= Record extracts =
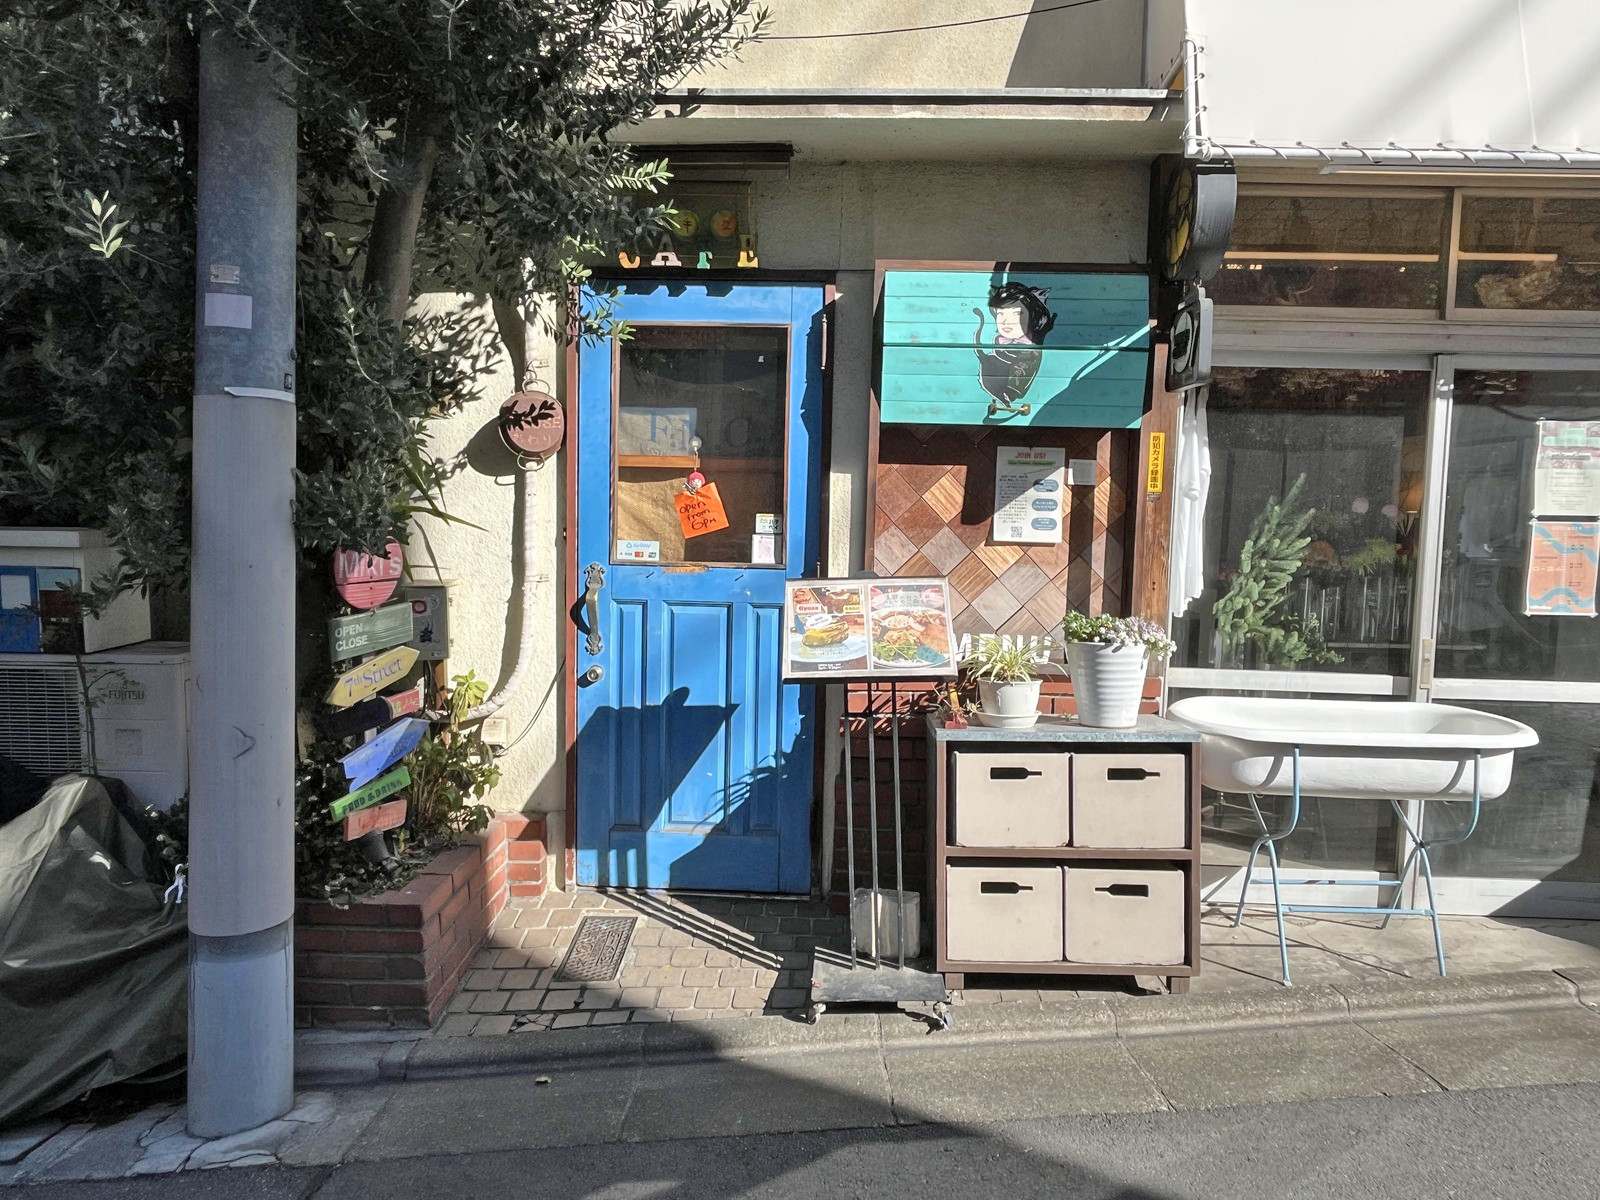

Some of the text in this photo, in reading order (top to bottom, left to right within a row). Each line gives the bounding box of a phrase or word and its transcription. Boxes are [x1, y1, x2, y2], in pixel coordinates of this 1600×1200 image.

[1015, 451, 1031, 459] JOIN
[679, 500, 706, 515] open
[687, 508, 710, 522] from
[335, 623, 363, 638] OPEN
[335, 635, 368, 652] CLOSE
[345, 656, 403, 697] 7th Street
[108, 690, 145, 701] FUJITSU

= About this task =
Each record should be written out exactly, and each image should be omitted.

= Expected answer =
Some of the text in this photo, in reading order (top to bottom, left to right within a row). Each line gives the bounding box of a phrase or word and its transcription. Boxes are [x1, y1, x2, y2], in pixel coordinates of this 1600×1200 image.

[1015, 451, 1031, 459] JOIN
[679, 500, 706, 515] open
[687, 508, 710, 522] from
[335, 623, 363, 638] OPEN
[335, 635, 368, 652] CLOSE
[345, 656, 403, 697] 7th Street
[108, 690, 145, 701] FUJITSU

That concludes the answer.